DATA FOR PROCESSING
- Opening Delimiter -

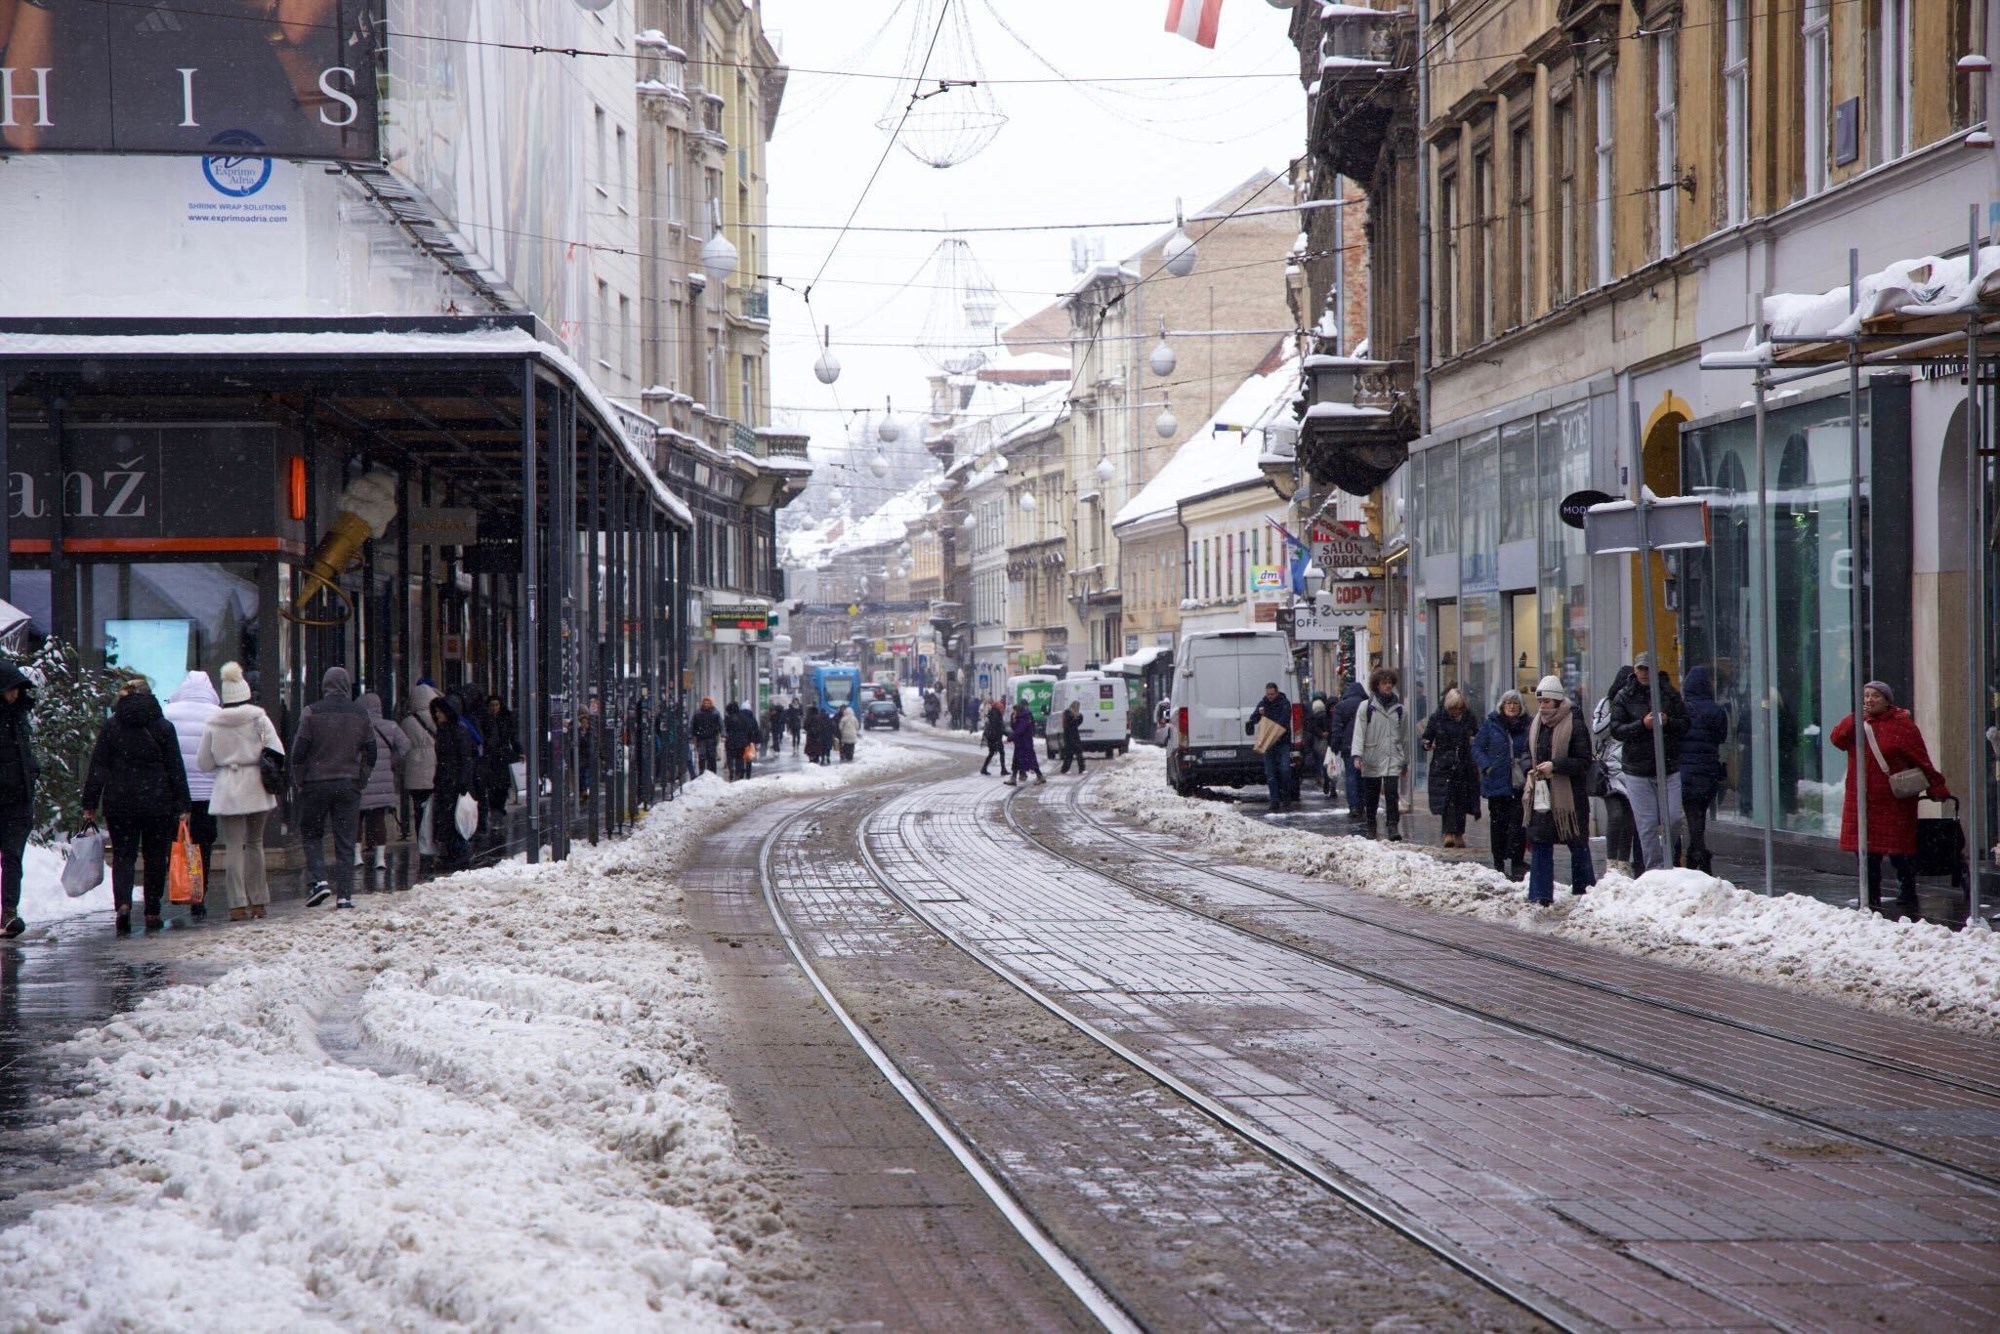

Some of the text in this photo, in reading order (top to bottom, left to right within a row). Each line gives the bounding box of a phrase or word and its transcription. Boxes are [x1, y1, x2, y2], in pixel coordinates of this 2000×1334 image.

[215, 165, 256, 177] Exprimo
[229, 176, 255, 185] Adria
[187, 214, 288, 223] www.exprimoadria.com
[1322, 541, 1363, 556] SALON
[1260, 569, 1278, 580] dm
[1336, 584, 1375, 604] COPY
[1296, 618, 1322, 628] OFF.
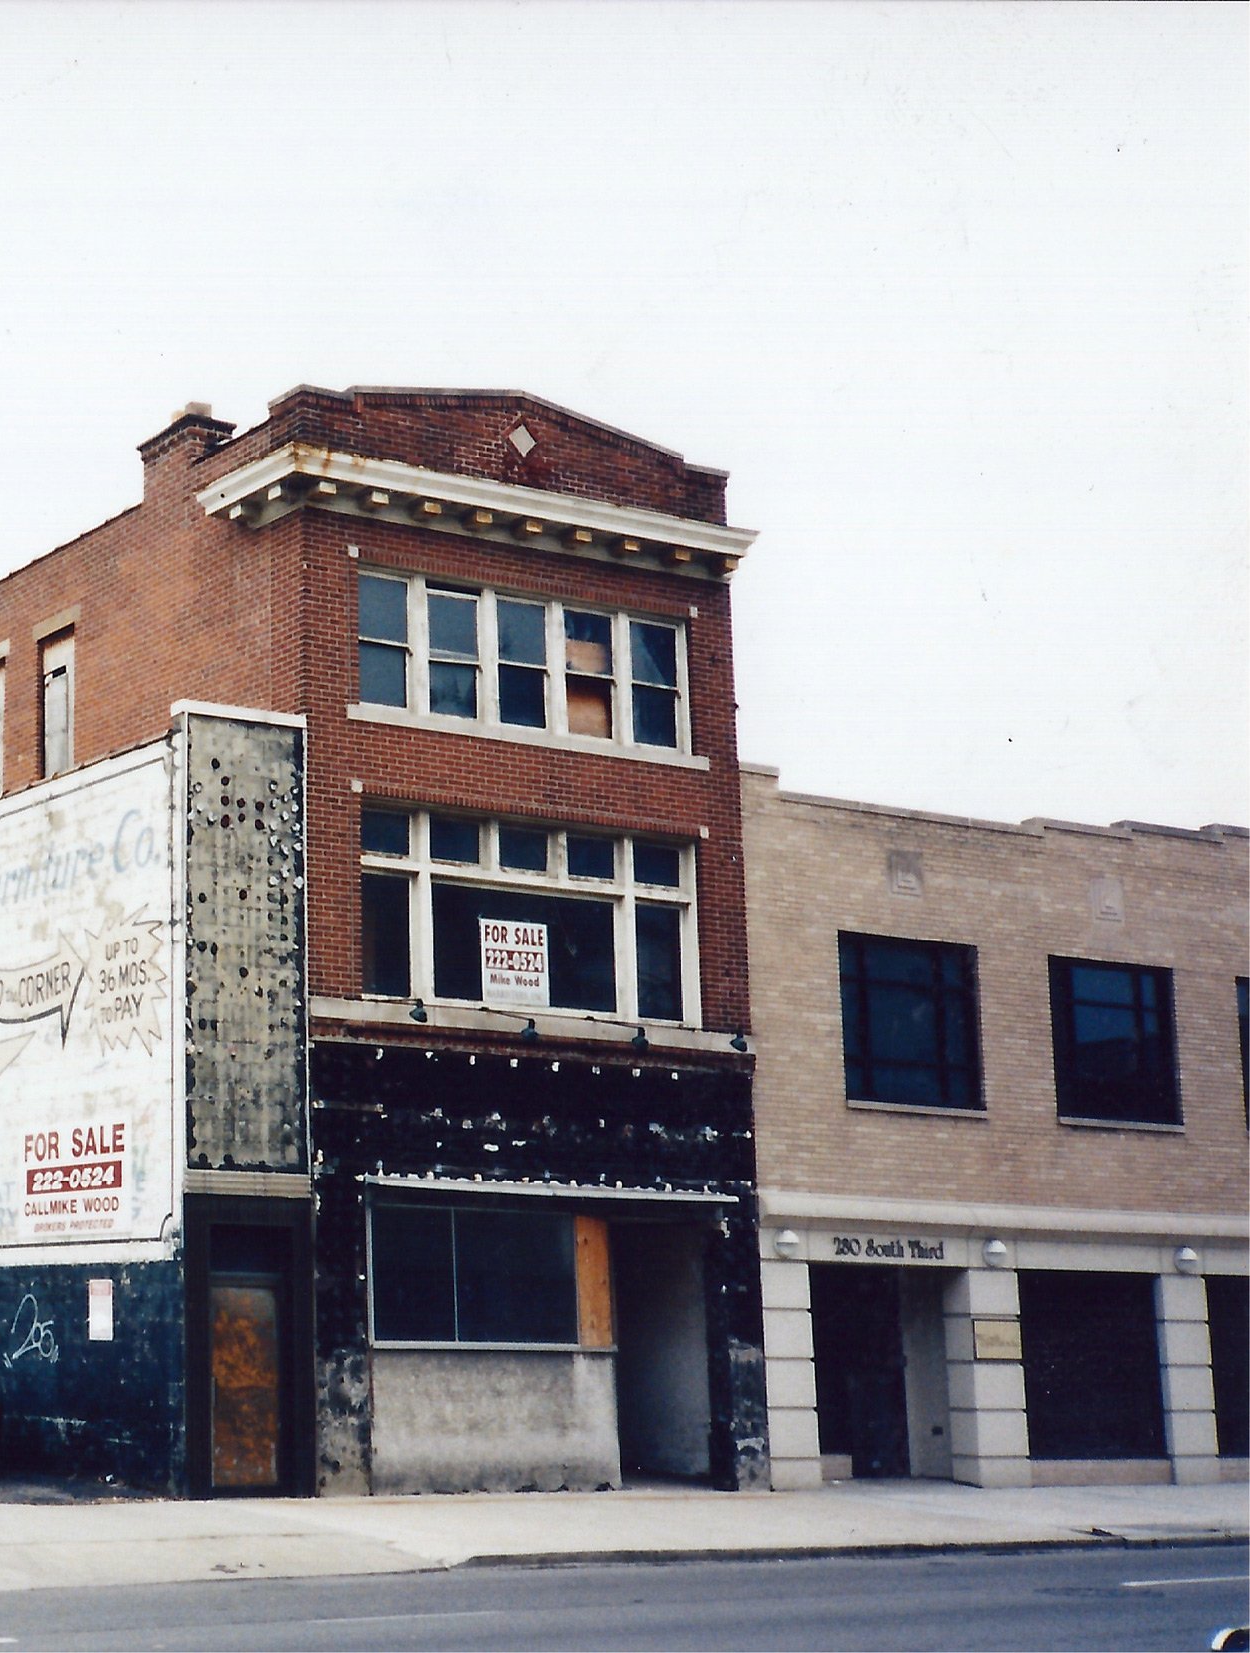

- Closing Delimiter -

Omit the pictures and reproduce the listing exactly.

Some of the text in this photo, in reading order (top to bottom, left to right within a row). Each line gives the bounding box of a phrase or word and its transcription. Boxes are [x1, y1, x2, y2], in pixel coordinates of this 2000×1334 image.

[215, 165, 256, 177] Exprimo
[229, 176, 255, 185] Adria
[187, 214, 288, 223] www.exprimoadria.com
[1322, 541, 1363, 556] SALON
[1260, 569, 1278, 580] dm
[1336, 584, 1375, 604] COPY
[1296, 618, 1322, 628] OFF.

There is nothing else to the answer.